Zomato along with it’s Q2 FY 22 results also announced that it has committed $275 mn across four start-ups in the last 6 months and will deploy another $1 billion over the next one to two years.
Four investments of $275 mn –
- $100 mn for 9.3% stake in Grofers
- $50 mn in Curefit along with another $50 mn in kind via sale of it’s sports start-up Fitso to Curefit – against 6.4% stake in Curefit at valuation of $1.66 bn
- $75 mn in logistics company Shiprocket for an 8 per cent stake as part of a larger $185-mn round
- $50 mn in e-commerce start-up Magicpin for 16 per cent stake as part of a $60 mn round
Though the communication is that the investments will be focused towards quick commerce space – it’s a very wide definition.
Zomato definitely seems to be taking a leaf out of Info Edge’s book (Zomato’s key investor from early days currently holding 15.23% of Zomato).

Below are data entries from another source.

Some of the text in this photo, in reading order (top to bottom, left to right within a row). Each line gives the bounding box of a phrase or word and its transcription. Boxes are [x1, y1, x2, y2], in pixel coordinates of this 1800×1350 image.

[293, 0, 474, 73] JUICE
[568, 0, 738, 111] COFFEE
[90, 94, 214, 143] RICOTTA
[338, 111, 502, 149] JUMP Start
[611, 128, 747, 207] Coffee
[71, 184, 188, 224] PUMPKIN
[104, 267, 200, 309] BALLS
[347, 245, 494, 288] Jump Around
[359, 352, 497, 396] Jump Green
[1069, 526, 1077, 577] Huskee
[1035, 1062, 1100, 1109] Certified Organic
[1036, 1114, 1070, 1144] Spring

That’s the way Info Edge has evolved over the years and created wealth for it’s shareholders. It’s promoter Sanjeev Bikhchandani (and hence also an advisor to Zomato) understands this strategy very well.

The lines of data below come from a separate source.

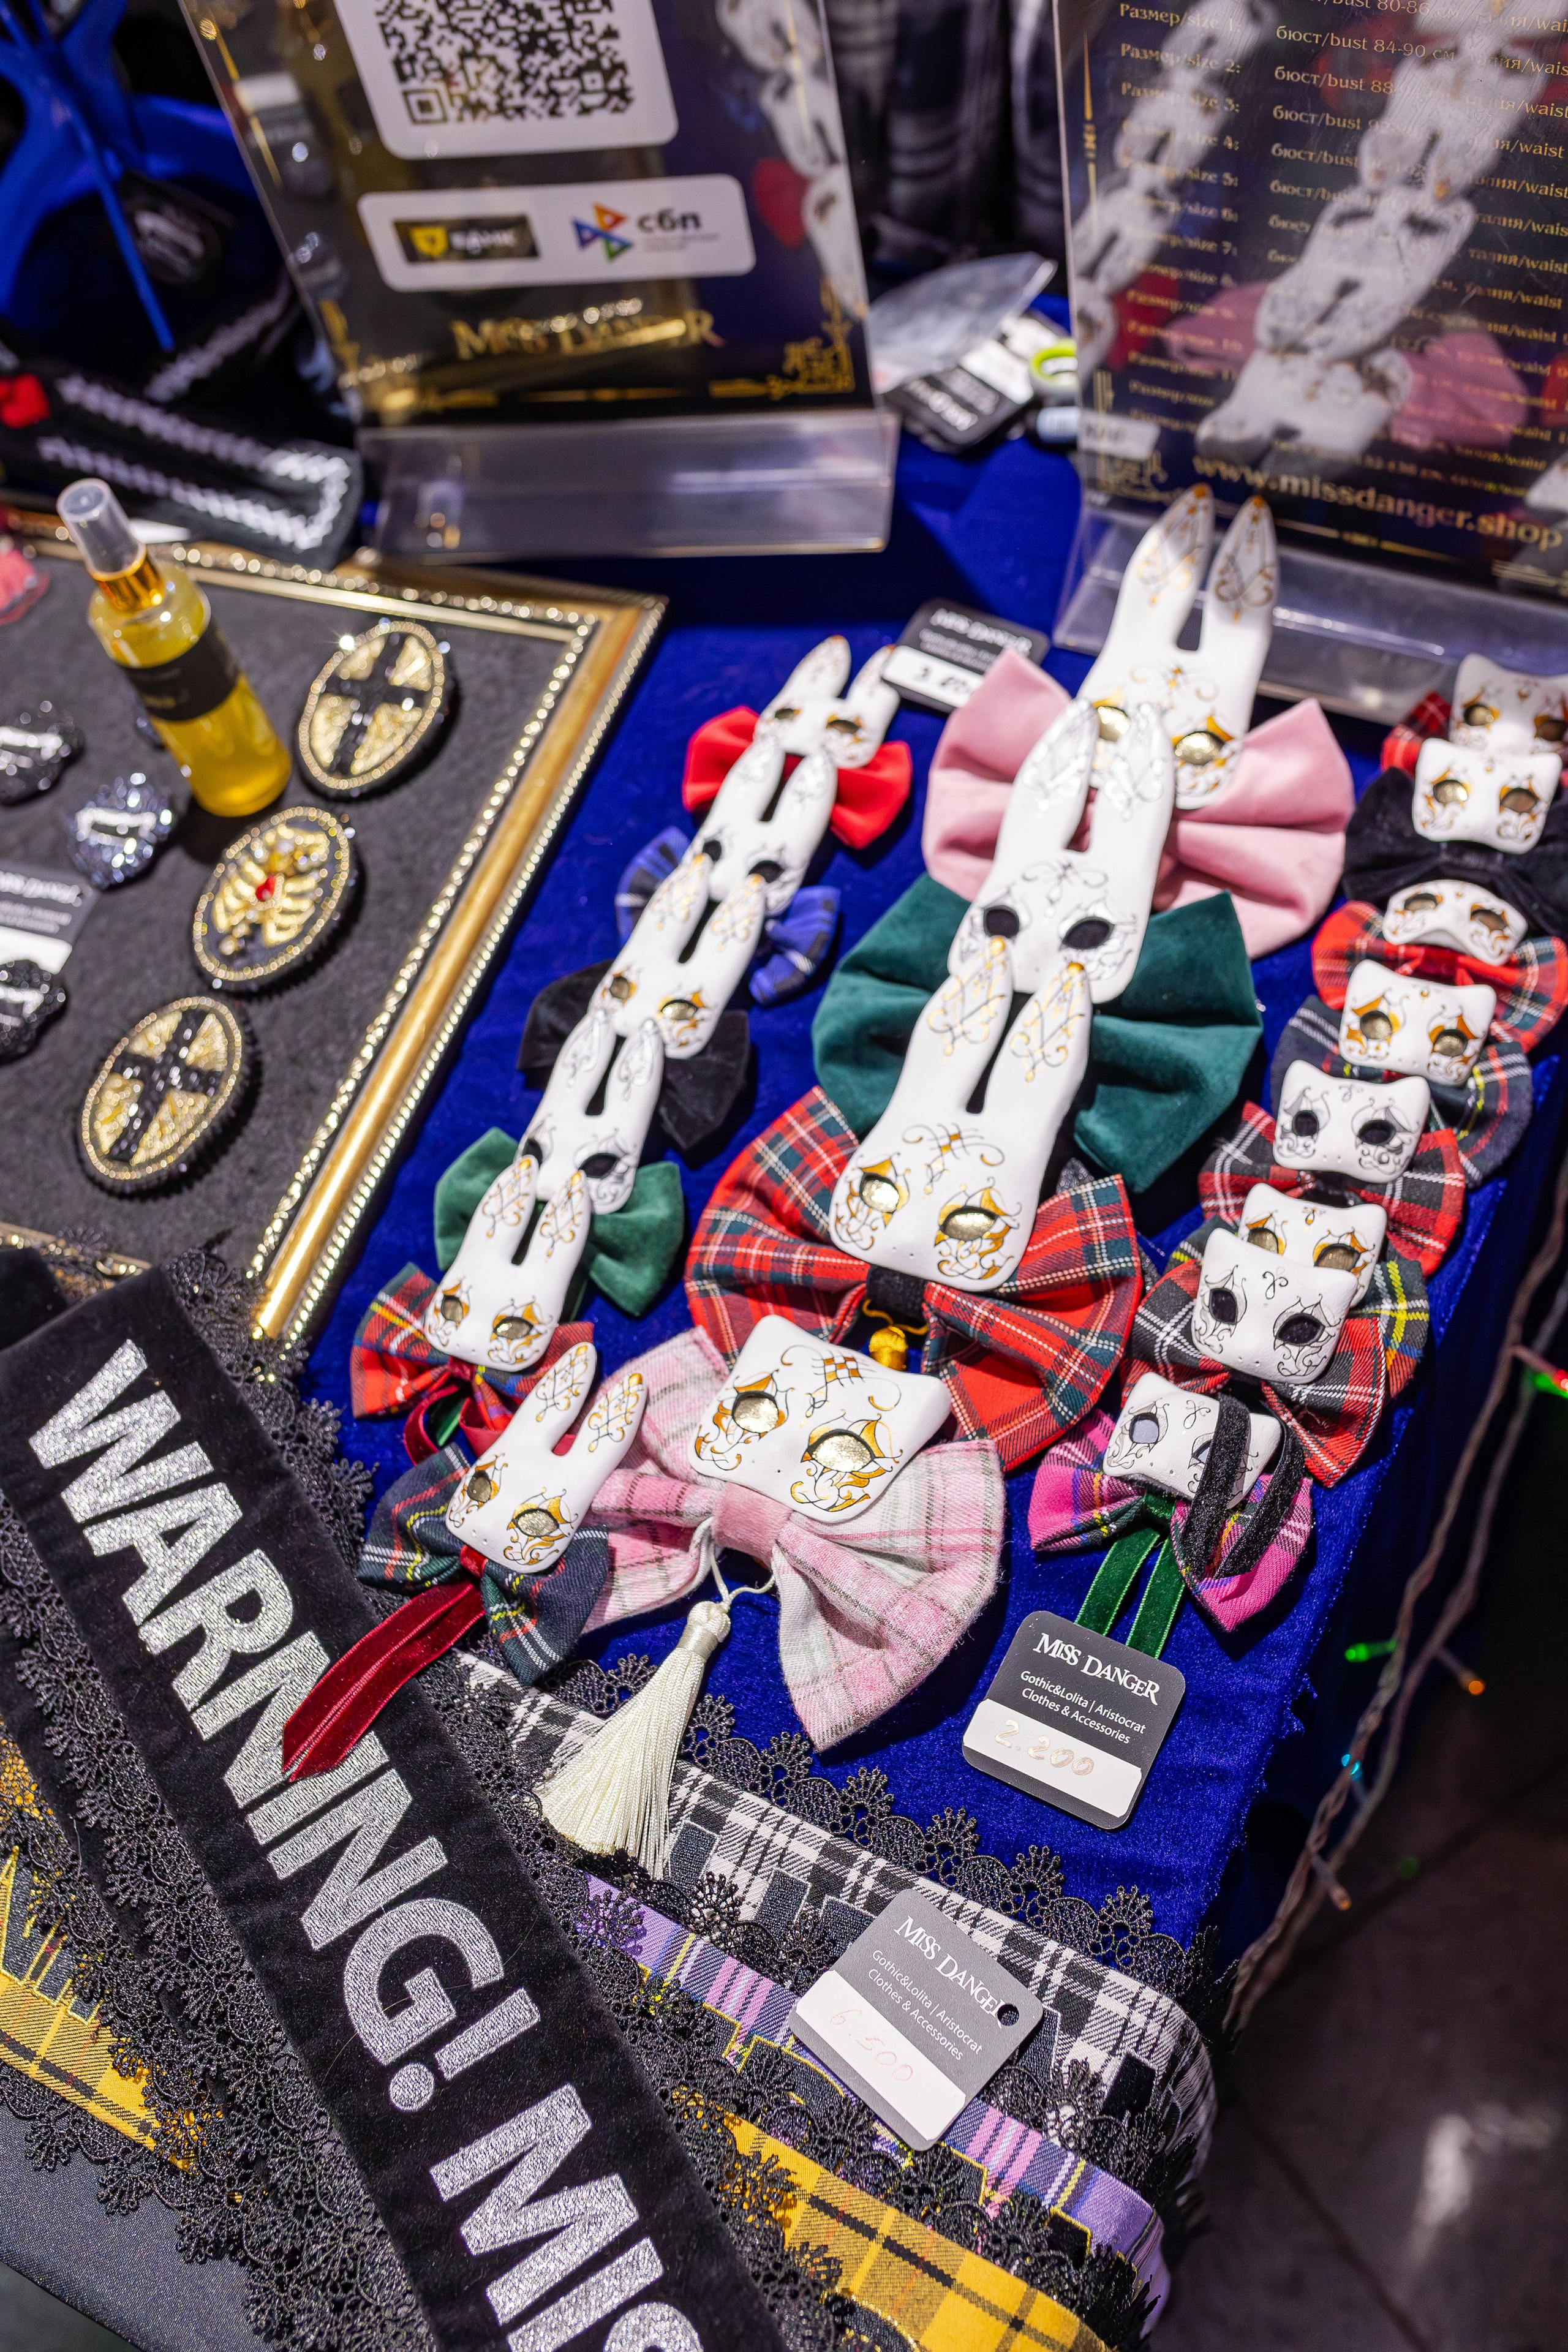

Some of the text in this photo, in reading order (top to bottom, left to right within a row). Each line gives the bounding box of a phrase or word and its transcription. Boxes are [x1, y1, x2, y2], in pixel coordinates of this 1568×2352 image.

[1276, 25, 1368, 50] бюст/bust
[1374, 39, 1426, 58] 84-90
[1274, 66, 1365, 91] бюст/bust
[1272, 105, 1361, 130] бюст/bust
[1033, 1632, 1160, 1706] MISS DANGER
[28, 1339, 540, 2113] WARNING!
[1020, 1670, 1089, 1708] Gothic&Lolita
[1095, 1703, 1146, 1735] Aristocrat
[1021, 1687, 1131, 1744] Clothes & Accessories
[994, 1719, 1095, 1776] 2.200
[893, 1915, 942, 1961] MISS
[867, 1968, 963, 2061] Clothes & Accessories
[872, 1950, 932, 2010] Gothic&Lolita
[933, 2009, 983, 2056] Aristocrat
[829, 2008, 914, 2082] 6.500

The strategy seems to be – Keep running the core business and simultaneously invest across the start-ups.
Some are bound to do well and hence will help in keeping investor’s alive in the overall entity. The core food delivery business’s future – only the time will tell. So why to keep all eggs in one basket. Let investors keep guessing.
It’s a decent strategy and frankly nothing wrong.